Ways of Investing During Inflation
When the Federal Reserve subdued inflation in the 80s, it was though the problem issue was over for good. Then the 90s came roaring and solidified public perception regarding the demise of the inflation. Inflation was low, unemployment lower, and prices manageable. Everyone was happy.
But then, after so many years of bliss, the gallon of gas began to cost more. Prices of commodities went up. And people were faced with the prospect of ever-decreasing room for spending. People who had never see the likes of inflation were suddenly forced to seek their elders’ advice about how they should cope with the increasing prices.
In the 90s, the stock market reached new high levels. However, inflation was high at that time too. Appreciation in stocks is also a form of inflation. However, too much of a good thing is also toxic. The market went out of control and busted.
Too much money in the market causes inflation. The dot-com fiasco and the housing bubble are both caused by the Federal Reserve allowing the supply of money to grow faster than necessary.
The extra cash is being manifested in consumer prices rather than assets.
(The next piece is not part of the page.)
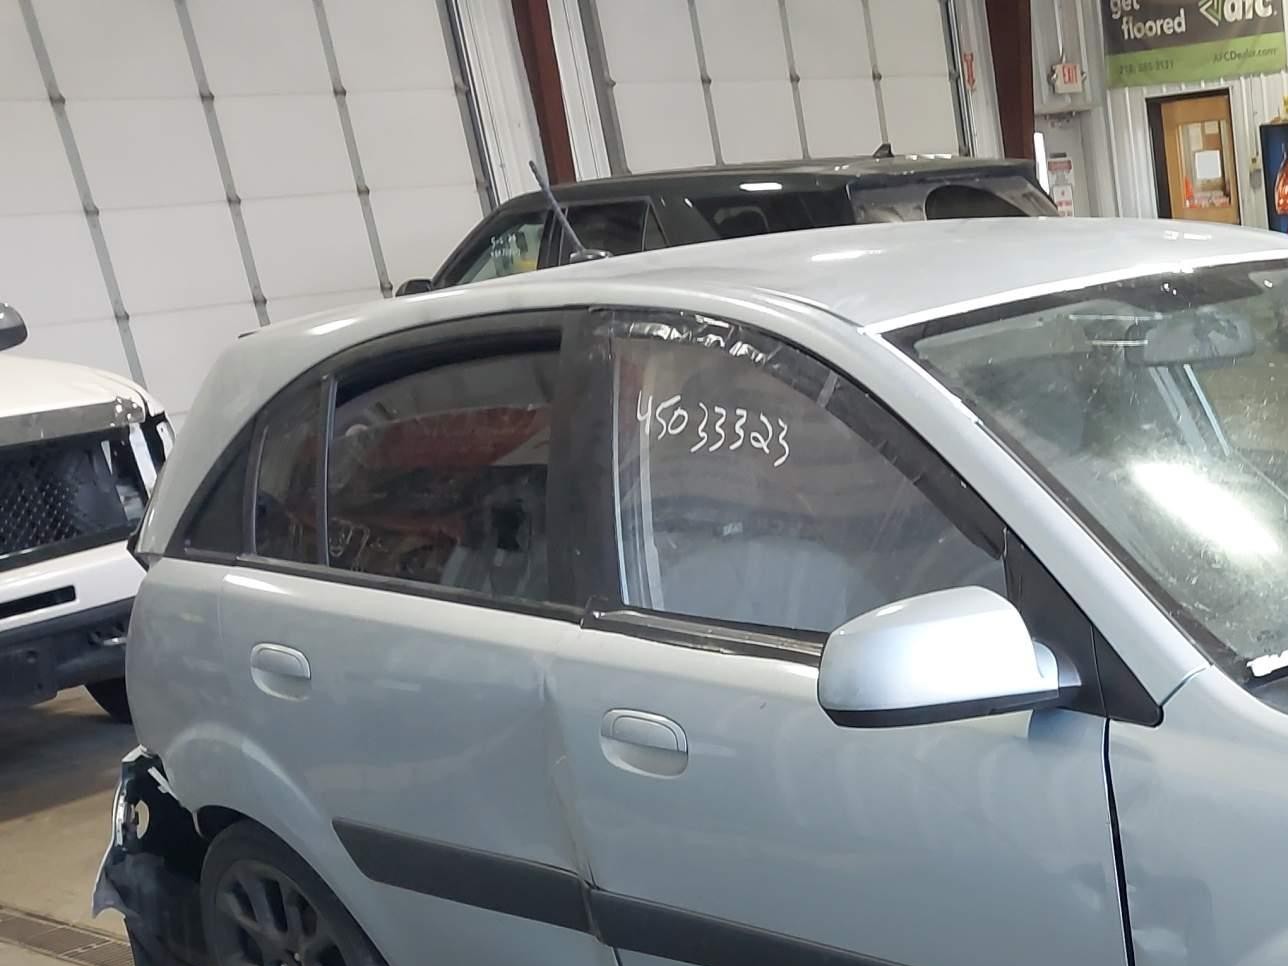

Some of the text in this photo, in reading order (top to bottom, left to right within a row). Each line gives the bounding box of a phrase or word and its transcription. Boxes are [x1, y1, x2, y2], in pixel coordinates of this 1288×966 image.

[1121, 8, 1186, 40] floored
[1062, 64, 1078, 84] EXIT
[636, 390, 790, 467] 45033323
Since people are no more interested in either stocks or houses, investors with extra money are turning towards alternative investment options like precious metals, gold, oil and food.
There are no signs that the Federal Reserve will change its stance the near future. It means that the investor must cope with the effects of inflation on his own. There are a few simple strategies that can be implemented by investors in order to protect their portfolio from inflation.
The first strategy is to allocate part of your portfolio to gold. Gold is a hard asset the value of which increases during inflation. Gold can be physically purchased from a bank. However, it must be kept in mind that the storage costs of gold can be very high. Another way is to by shares of a gold mining company. However, the shares of these companies do not appreciate in proportion to the actual increase in price of gold.
An investor may also invest in commodities. The prices of commodities also increase in inflation. The most suitable way of investing in commodities is by purchasing shares of such companies. There are some great international oil companies whose shares an investor can buy. The investor may not be able to reap the whole reward of a price increase in oil, however, he will be more protected in case the price falls dramatically.
Another way of investing during inflation is to place your money in real return bonds. They are simply known as Treasury Inflation Protected Securities. The value of Treasury Inflation Protected Securities (TIPS) rise with inflation. The payments of these bonds are linked to the consumer price index. These bonds can be purchased from the US Treasury Department through their website.
And finally, of course, stocks are the most viable option. Knowing how to invest and what to invest in is challenging, but the returns are typically far superior to that of any other investment. Knowing the best penny stock alerts can help increase your portfolio wealth fast, otherwise a diversified portfolio with blue chip stocks can provide handsome dividend returns.
If you are holding part of your investment portfolio in commodities, precious metals and real return bonds, you will have the satisfaction of knowing that your portfolio is secure against the adverse effects of inflation.